On the left, the way we were in 1996. On the right, with some of my grandchildren and great grandchildren, late last year.

On the left, the way we were in 1996. On the right, with some of my grandchildren and great grandchildren, late last year.

Normally, my “Chronicles of Disability” consists of annual reports on the changes in my health over the previous 12 months. I forgot to post a report for the year 2014, but perhaps it’s just as well because there were very few changes – – just more weakness in general. So now we come to this major milestone. It has been 20 years since I was diagnosed with inclusion body myositis (IBM). This rare muscle wasting disease is described as “slowly progressing”. That may be true one month to the next or even one year to the next. But when the person I was in 1996 is compared to who I am today, the contrast is jaw-dropping.

Twenty years ago I didn’t think there was much wrong with me. Yes I was slowing down in my running, and my golf shots seemed to be getting shorter, and I did fall once in a while, so what? I was 55 years old, just normal aging? I could still hike mountain trails, jog (slowly), show up for work every morning, work around the house, go to parties with my wife, take long driving vacations. Life was very good.

Now, I very nearly meet the criteria of a quadriplegic. I can’t move either of my legs or my left arm. I can only raise my right arm a few inches above my waist. I cannot stand, walk, or transfer without the aid of an overhead lift system and a caregiver. This will probably be the last year that I am able to continue feeding myself, unless the new drug (BYM338) gets released and actually works. My fingers don’t bend and my speech is getting quite weak. This is making my writing avocation more challenging and I may need to give it up within a year or so. Unrelated to my disease, but definitely affecting my life, my wife died of her own rare muscle illness in 2012.

My current home features the ultimate "open floor plan". My wheelchair loves it.

My current home features the ultimate “open floor plan”. My wheelchair loves it.

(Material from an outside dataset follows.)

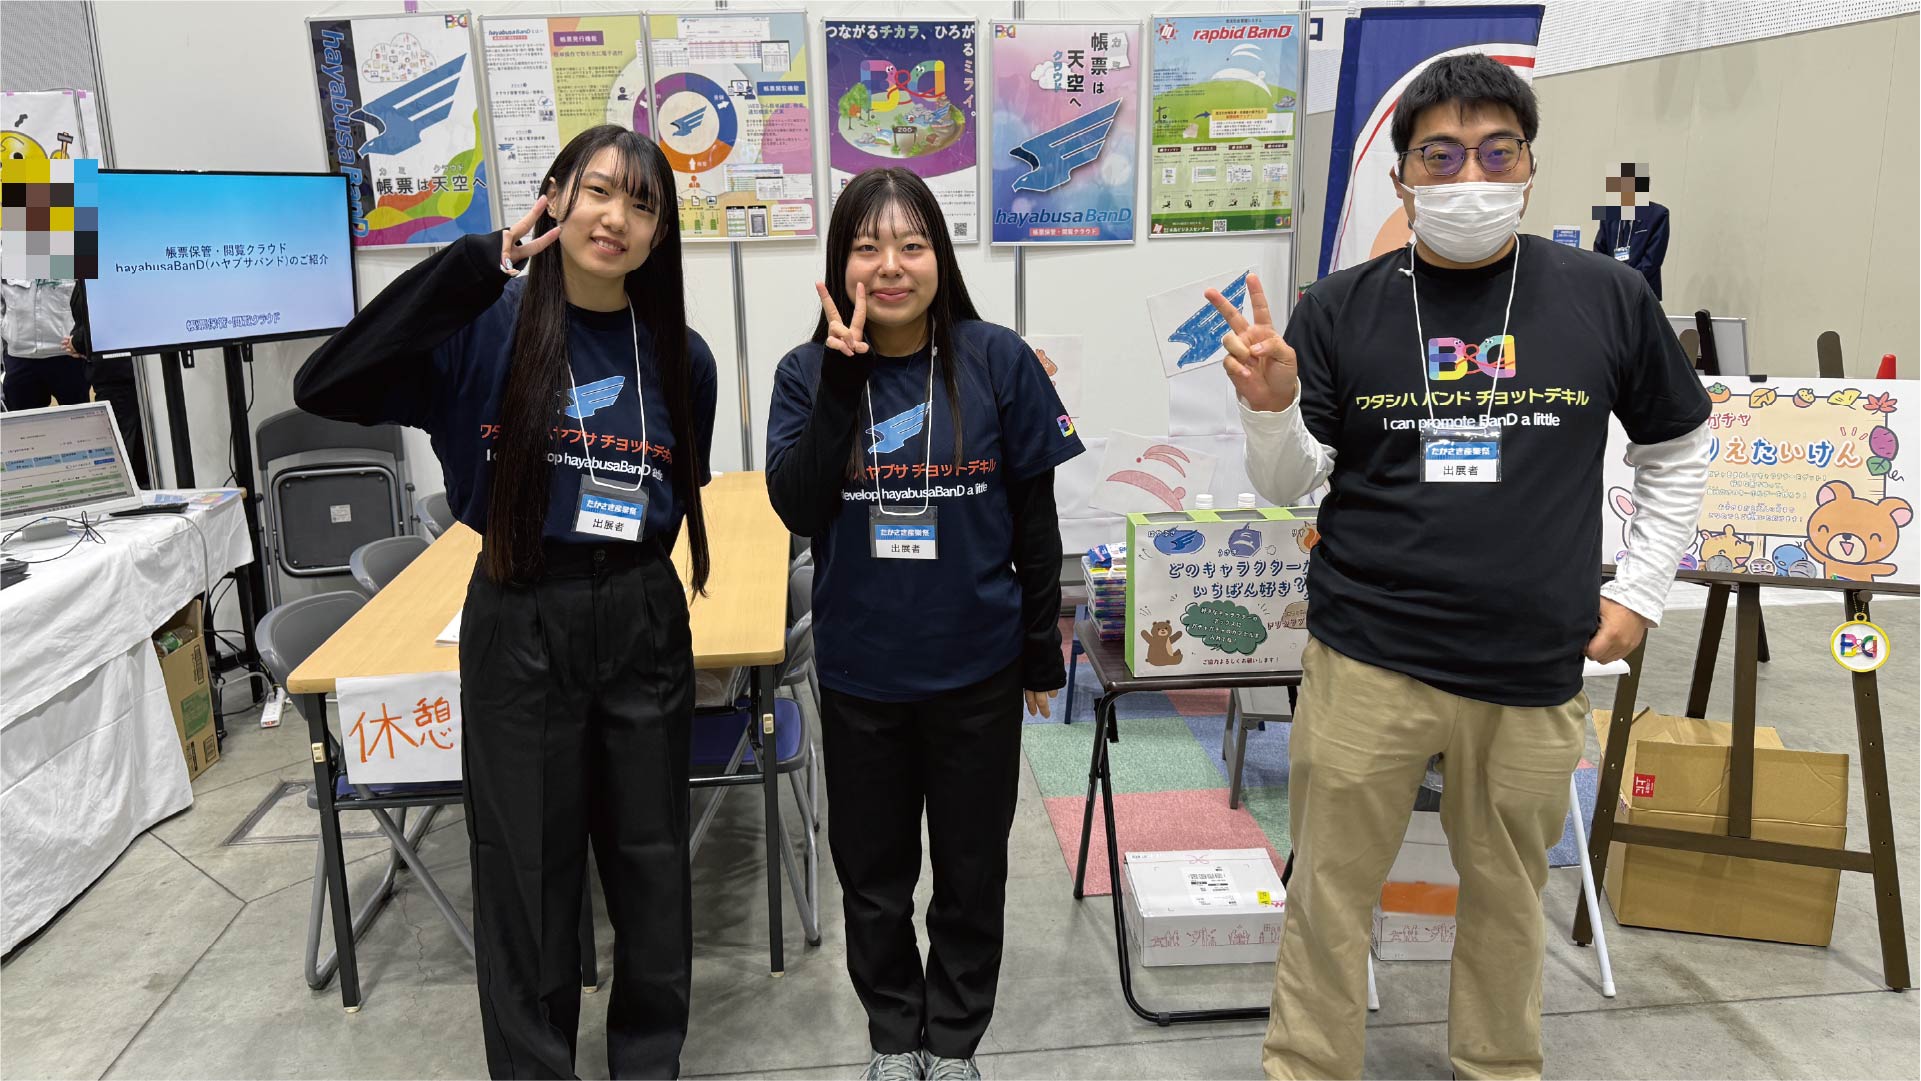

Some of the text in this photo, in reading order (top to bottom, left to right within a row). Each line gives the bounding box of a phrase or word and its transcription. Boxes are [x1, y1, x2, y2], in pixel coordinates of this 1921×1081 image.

At the time of my initial diagnosis, we were living in a two-story four-bedroom home overlooking the mountains of southern California and a little slice of the Pacific Ocean. Today I am living in 250 square feet in an assisted living facility. The room is comfortable, the view isn’t bad (mostly of an ancient olive grove), the caregivers are friendly and helpful, and the food is very good. My days are spent doing what writing I can, either for Huntington Manor or for my Life Disabled blog, but that work is getting more difficult every day. So instead I am catching up on a lot of movies and television and doing a little reading. I also like to take my wheelchair out on long jaunts through the countryside and down to the local business district of Poway. Huntington Manor is launching a major renovation of the facility and I have been promised one of the beautiful new rooms that will overlook the garden and the hills beyond. That is enough to keep me motivated to stick around until the project is finished in 2017.

When I first started this blog, and when I wrote “Rolling Back: Through a Life Disabled” I suggested that the newly diagnosed read about my experiences to be properly prepared for what lies ahead. Now with a new treatment on the horizon, it is quite likely they may never have to experience this severe of a decline.

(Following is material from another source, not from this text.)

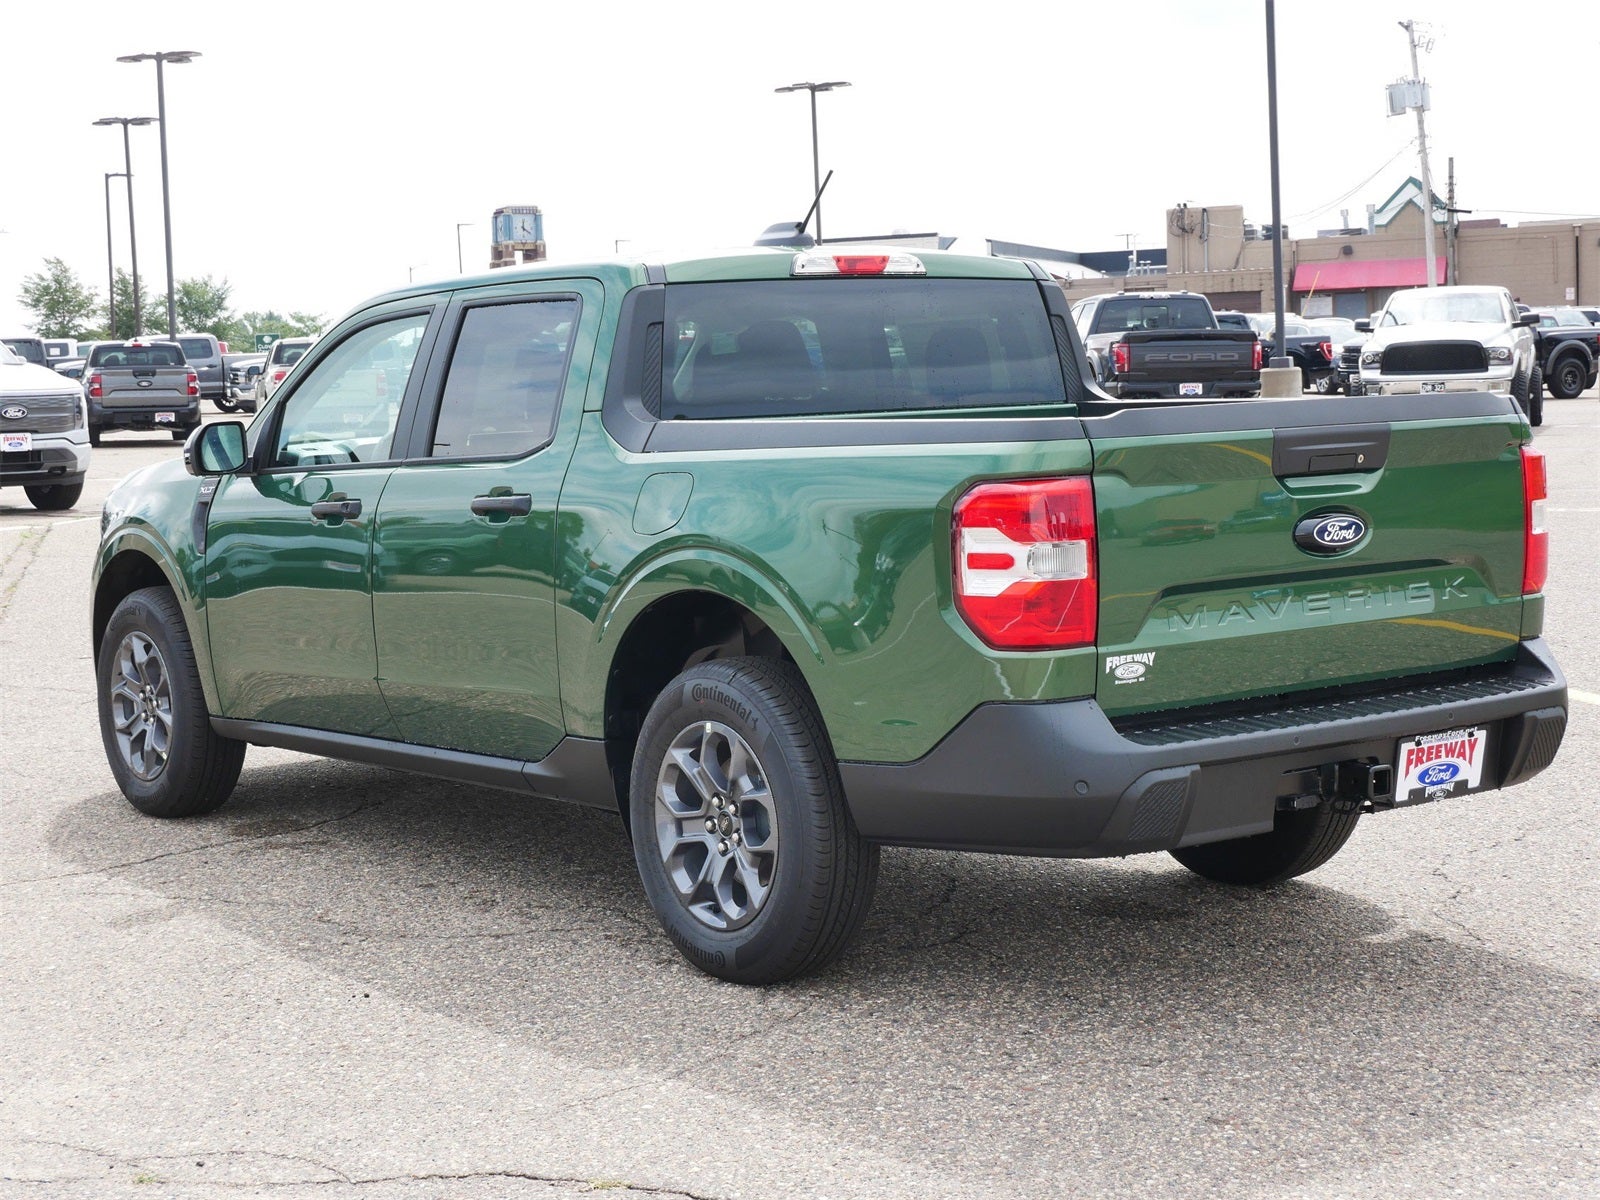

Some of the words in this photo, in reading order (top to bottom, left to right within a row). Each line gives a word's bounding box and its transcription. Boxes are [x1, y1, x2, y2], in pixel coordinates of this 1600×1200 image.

I have reposted many of the pictures and captions from the past 20 years. I think they tell an interesting story about the effects IBM has had on one person’s life. As you’ll see, I have remained generally happy and hopeful throughout that time, but I must admit that my general mood has been declining. Recently, I saw a neurologist who lowered my expectations for the new drug by pointing out that it would not be of any use for the muscles that were already dead and that, in my case, most of the muscles are completely destroyed. The most I can hope for is maintaining the minimal capabilities I have now.

By the way, one of the special pleasures I get these days is when someone purchases my book. It’s available on Amazon — just click on the link on this page — seven dollars for paperback and three dollars for the Kindle edition, or free if you are using Kindle Unlimited.

Nov 192015
 

My new/old home is calling me back.

My new/old home is calling me back.

My former assisted-living facility has been tugging at my emotions for some time. Then my current facility gave me a swift kick in the wallet. So I am moving back to Huntington Manor in Poway, the place that originally welcomed my wife and me with all of our disabilities, where I was living when she died and just a mile from where her ashes are buried. Compared to my current facility, it is one fourth the size, 30 miles further inland, and more country then luxury. But it is also much closer to my eldest daughter and many of my friends, more flexible in the kind and amount of care provided and surrounded by the mountains and trails I have enjoyed for so much of my life. So when I received the letter from Sunrise telling me my rates were being raised by nearly 10%, the message was clear: “Go!”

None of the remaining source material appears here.